Alguien había llamado a la pasma, pues el sonido de unas sirenas cada vez eran más cercanas, lo que hizo que los curiosos se dispersaran en cuestión de segundos entre los pubs de la plaza.

- Tamara tía, no debes quedarte aquí- me dijo la Celia.

- ¿Qué?- respondí aturdida.

- Que será mejor que nos larguemos, porque como sea la pasma la que viene zumbando nos acribillará a preguntas.

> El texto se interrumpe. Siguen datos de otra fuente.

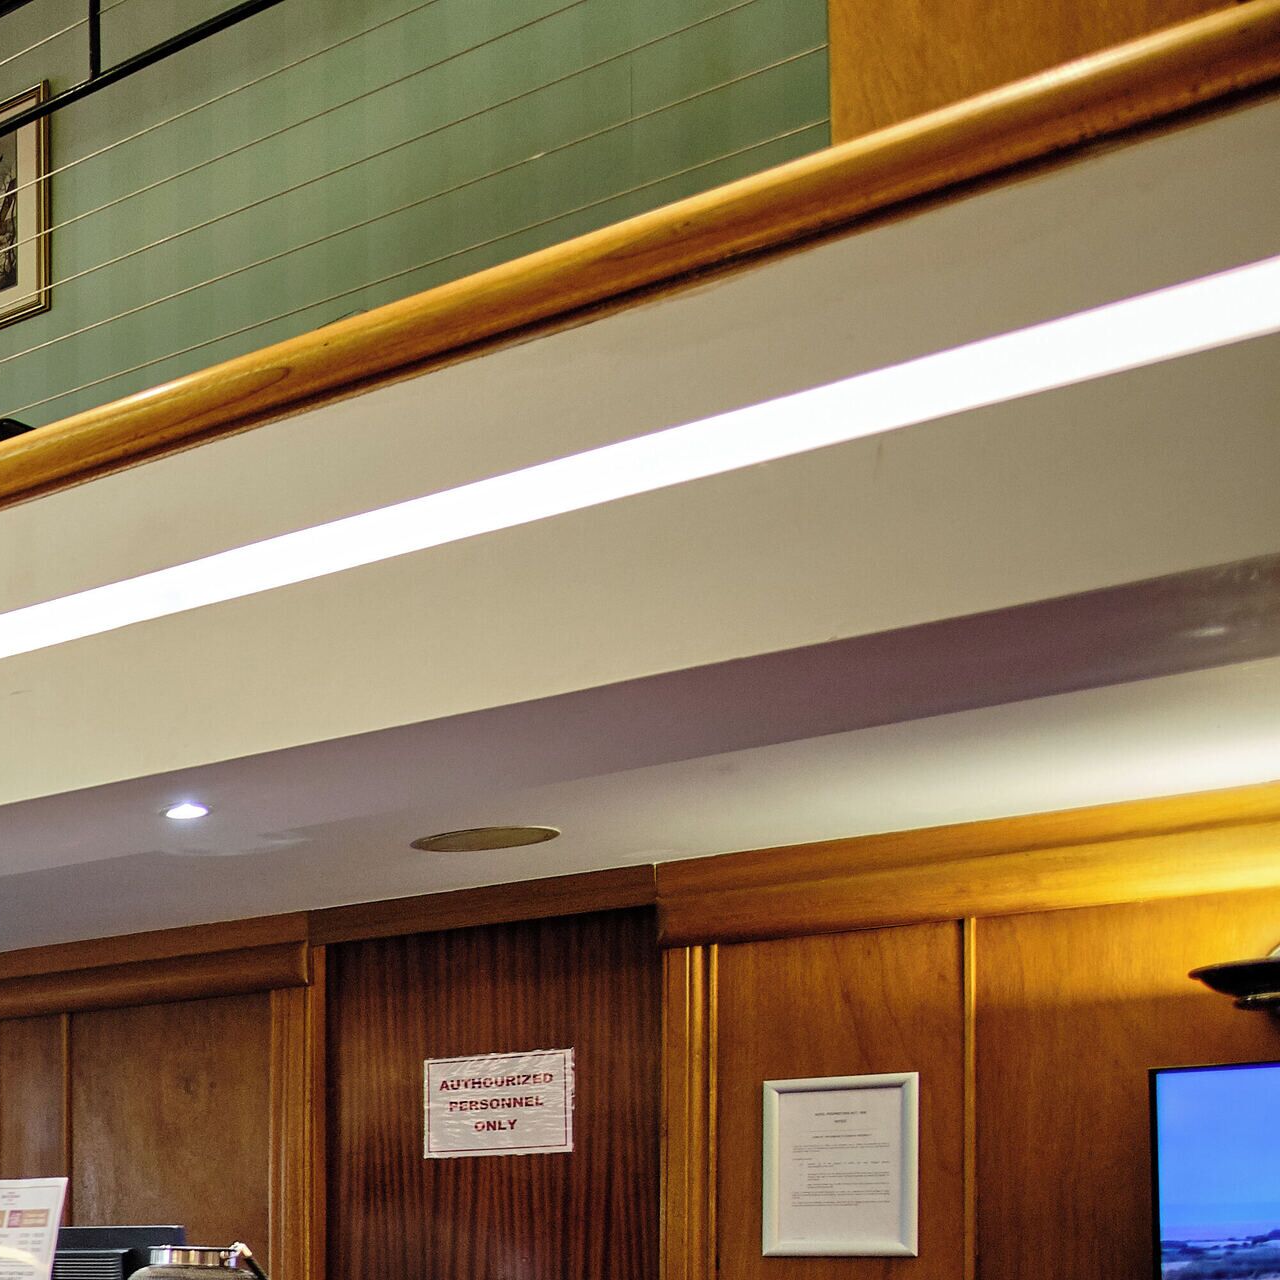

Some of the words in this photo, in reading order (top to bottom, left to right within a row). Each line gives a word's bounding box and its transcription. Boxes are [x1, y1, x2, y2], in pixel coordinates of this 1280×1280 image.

Me quedé mirando al Carlos, aún seguía alelado y goteaba un poco de sangre por la nariz. Pensé, «¿me largo y lo dejo solo con el marrón?, ¿me siento a su lado y lo consuelo?». Estaba hecha un mar de confusión cuando la Celia me agarró del brazo y de un tirón me alejó de él.

-Tranquila tía- dijo la Celia-. No se morirá de esto.

Subimos a las motos y salimos a todo gas de la Plaza junto al Raúl y el Salva con el sonido de las sirenas persiguiéndonos.

Llegamos hasta un pequeño parque y nos subimos a unos columpios. Durante largo rato ninguno dijo nada, el balanceo del columpio y el aire fresco de la madrugada fue difuminando los pensamientos del mal rato pasado. Dirigí la mirada hacia el Salva como buscando en él una respuesta a lo sucedido. Se estaba metiendo la mano en el bolsillo del pantalón, sacó un paquete de chicles y nos ofreció uno con el mismo careto del que jamás ha roto un plato en su vida.

- Salva, ¿se puede saber qué te ha entrao, tío?- pregunté al fin.

- Nada- contestó masticando chicle.

- ¿Nada?- dije- Y la paliza que le has dado a ése, ¿qué?

- Una apuesta tía, todo ha sido una apuesta, ¿lo entiendes?

- ¡Qué coño dices!- le grité.

- Lo que has oído. Estos tres apostamos con el Chino unos tripis a que si le daba una tunda al tío, tú le dejarías allí sin consolarlo.

Sentí tal puñalada trapera clavarse por mi espalda, que en aquellos instantes les hubiese arrancado los ojos.

-¡Estáis locos!, ¡los tres!- grité bajando del columpio.

-Vale. Vale... Lo siento, Tamara- dijo Salva poniéndose a mi lado- reconozco que nos hemos pasado... Anda, dame un abrazo.

Me atrajo hacia sí, y antes de que yo pudiera reaccionar, dijo:

-Tía. No veas el acojone que he pasado todo el rato. Pero a esos dos no se lo digas... ¿Me perdonas?

¿Qué podía hacer? Me abracé a él. Al fin y al cabo, Salva es mi amigo, mi colega, y el tal Carlos no era más que un posible polvo en una noche de sábado, y de esos hay muchos.





CONFESIONES DE UNA FOCA
(en mitad de una tomatera)

Agradecida a Ramón que me presentó a Pamela.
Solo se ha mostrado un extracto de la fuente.